Take a pencil to write with on aeroplanes. Pens leak,” states the first of Margaret Atwood’s 10 rules of writing. “But if the pencil breaks, you can’t sharpen it on the plane, because you can’t take knives with you. Therefore: take two pencils.”

Modern pencils owe it to an ancient Roman writing instrument called the stylus (a thin metal rod) which was used to leave a light yet readable mark on papyrus (early form of paper). The styluses then switched to using lead as the core before moving on to the modern and current form of using non-toxic graphite.

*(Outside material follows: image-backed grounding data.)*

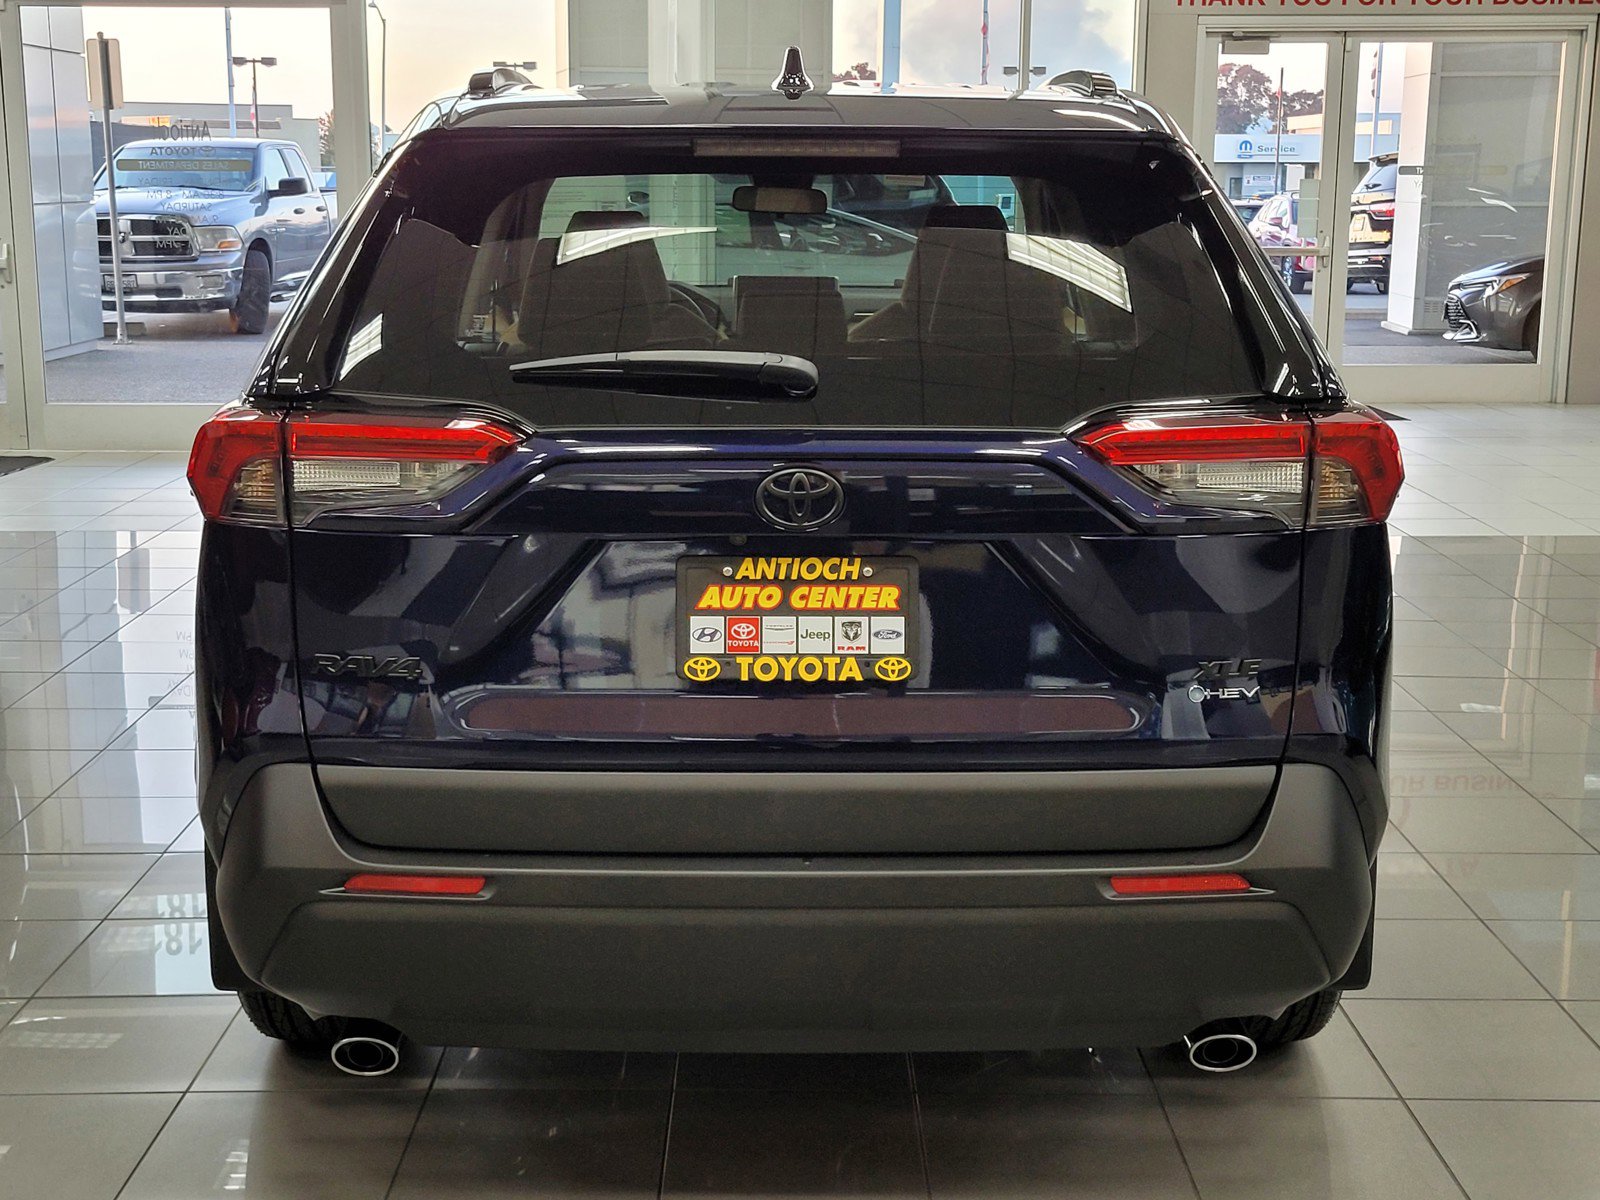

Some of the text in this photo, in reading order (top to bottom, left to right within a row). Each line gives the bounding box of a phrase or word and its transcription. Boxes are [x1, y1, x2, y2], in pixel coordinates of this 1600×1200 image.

[735, 557, 862, 580] ANTIOCH
[694, 584, 901, 610] AUTO CENTER
[800, 628, 831, 642] Jeep
[313, 652, 422, 680] RAV4
[735, 656, 863, 682] TOYOTA
[1192, 658, 1262, 680] XLE

Graphite came into widespread use following the discovery of a large graphite deposit in Borrowdale, England in 1564. But because it was so soft and brittle , it needed a holder. Originally, graphite sticks were wrapped in string which had to be unraveled as the graphite wore down. The next major leap was hollowing out a stick of cedar and then sticking the graphite in these hollow wooden sticks and thus, wood cased pencils were born.

Nuremberg, Germany was the birthplace of the first mass-produced pencils in 1662. But the modern pencil was invented in 1795 by Nicholas-Jacques Conte, of France, who discovered the process of mixing graphite with clay and firing them in a kiln at high temperatures to achieve the different levels of hardness and darkness and then pressed together into thin rods. This is more or less, exactly how pencil cores are made to this day.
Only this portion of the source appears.